After passing through the gates (there is a nominal entrance fee, so come prepared), one is quickly greeted by a weeping cherry in full bloom and a park sign. Unlike other parks and gardens in Tokyo last weekend, Koishikawa Gardens already had many trees in full bloom.
Tokyo Dome is in the background of this shot so you can see how close these two places really are.
Famous for its ponds, I started off walking around one of the park’s smaller ponds and took some photos of trees quickly reaching full bloom.
Juxtaposed against Tokyo’s modern skyline, traditional Japanese garden design and old footbridges create a nice contrast between perceived images of old and new Japan.
As you can see below, people were not the only ones out taking in the cherry blossoms: a pair of turtles were also checking out the scenery.
A few more paces and a few more ponds later, I encountered a different species of tree which boasted pink blossoms. Rock gardens and formations in the middle of this lake provided a nice change of scenery.
Once I was finished walking around this pond, I turned to the right and walked directly under a path which was blanked in stunning white blossoms, all in full bloom. Their rich smell provided a nice accent to the incessant sound of camera shutters clicking and children playing with their siblings.
On the other side of this walkway, more images of a stereotypical Japan waited.
On my left side was a perfectly straight walkway through another large pond.
On the right side was a traditional orange footbridge behind a stone walkway which crossed through the same body of water. I feel as if both of these images are symbolic of Japan.
After walking a bit further to the right and climbing some steep, rocky, stairs, Koishikawa Gardens’ most beautiful image became visible. Scrunched between a teeming footpath, a stagnant pond, and leaves in the foreground, a vibrantly blooming tree filled a magnificent scene. This was the image everyone at the park hoped to capture. In the midday sunlight, everything seemed perfect.
Deeper into the garden, more kinds of trees were in full bloom, this time in pink.
The final park of my stroll through Koishikawa Korakuen Gardens is what makes this garden my favorite place in all of Tokyo for blossom viewing: it is an ecologically diverse environment!
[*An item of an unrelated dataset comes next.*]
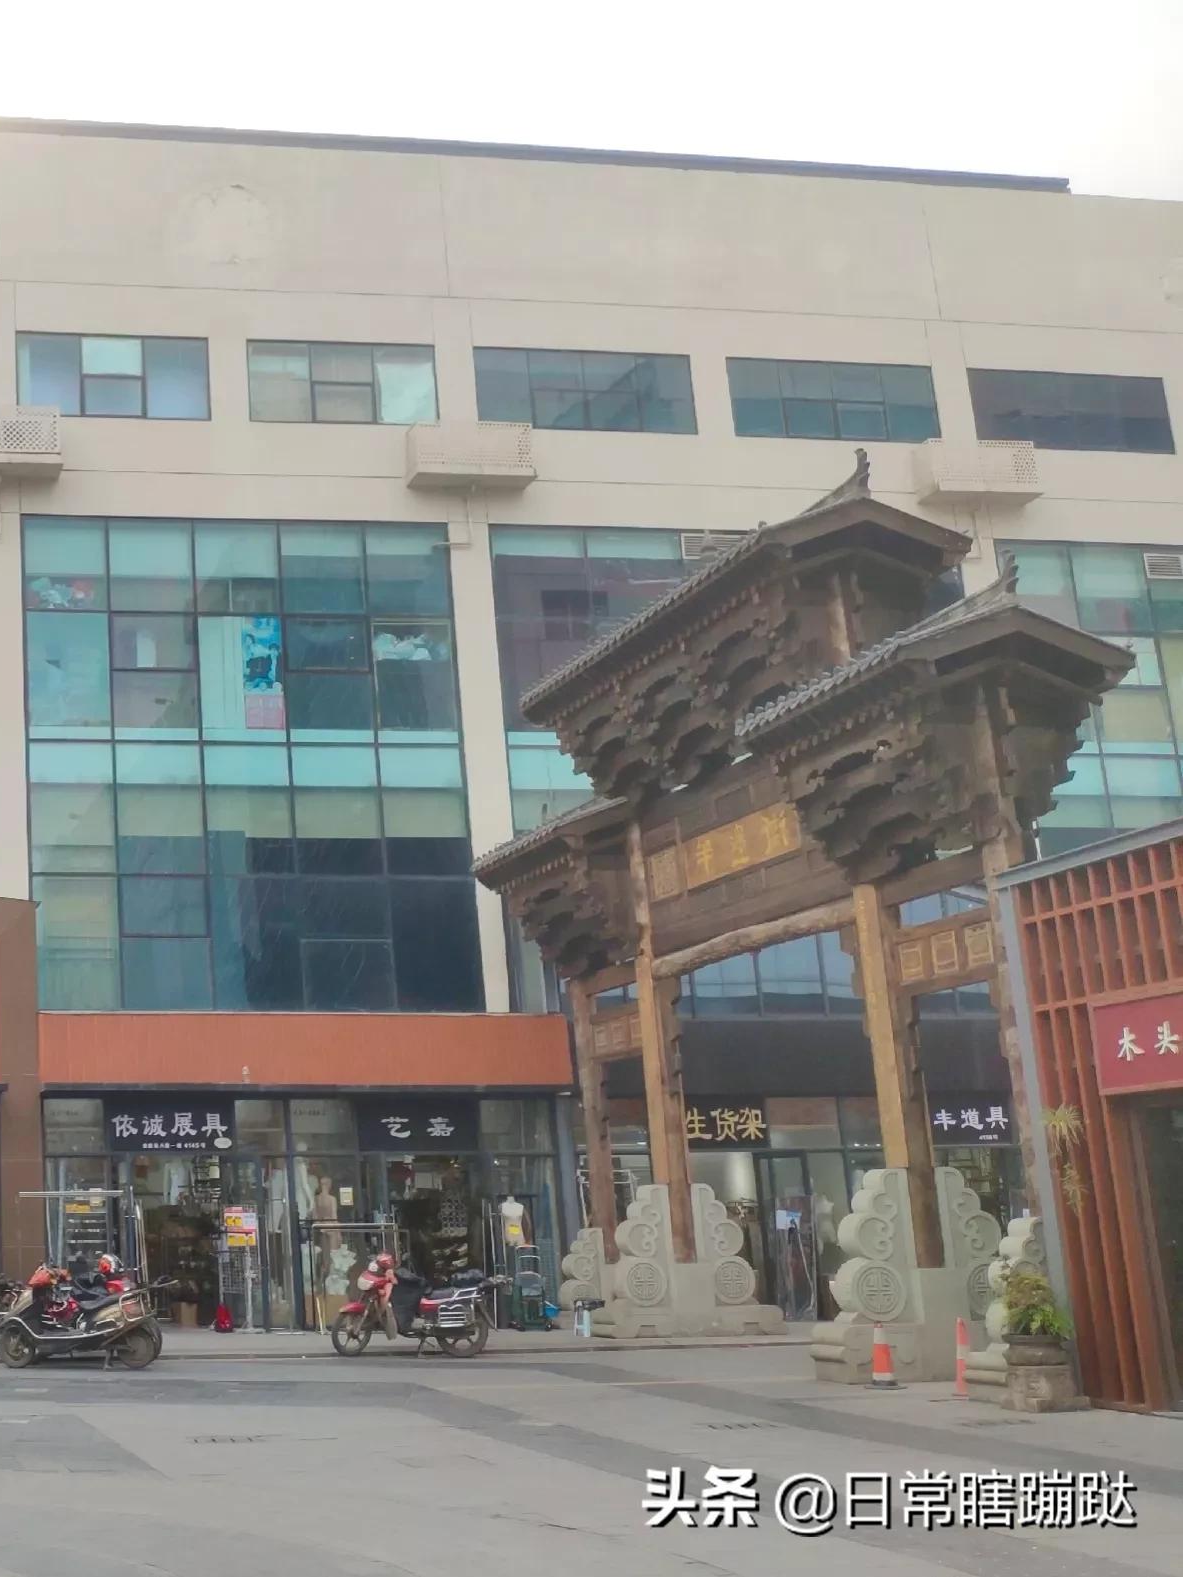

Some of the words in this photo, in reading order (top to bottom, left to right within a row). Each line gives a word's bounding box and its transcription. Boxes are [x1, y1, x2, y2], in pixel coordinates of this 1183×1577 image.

[111, 1112, 228, 1138] 依诚展具
[380, 1117, 455, 1138] 艺嘉
[933, 1106, 1009, 1130] 丰道具
While the cherry blossoms may be the most famous flowering plant in all of Japan, some marvelous other plants were in full bloom near the park’s exit.
Red and white bushes lined one walkway in the park.
Another pathway even had a yellow flowering bush! Even though these flowers were not quite ready to bloom their color added even more to a beautiful scene inside the park.
The final plant waiting at the garden’s exit was one of the most interesting plants of the day. Even though it boasted no flowers, this bush had some marvelous red leaves which were changing color for the season as well.
While there are many more famous and more well known spots inside of Tokyo to see cherry blossoms and other flowering plants, Koishikawa Korakuen Gardens is my favorite. The diverse scenery and the diverse ecology make it a must-visit location whether you are checking out the flowers next year or the plants at any time of year. I will be sure to come back here during the fall to see how the park looks during the peak fall colors period.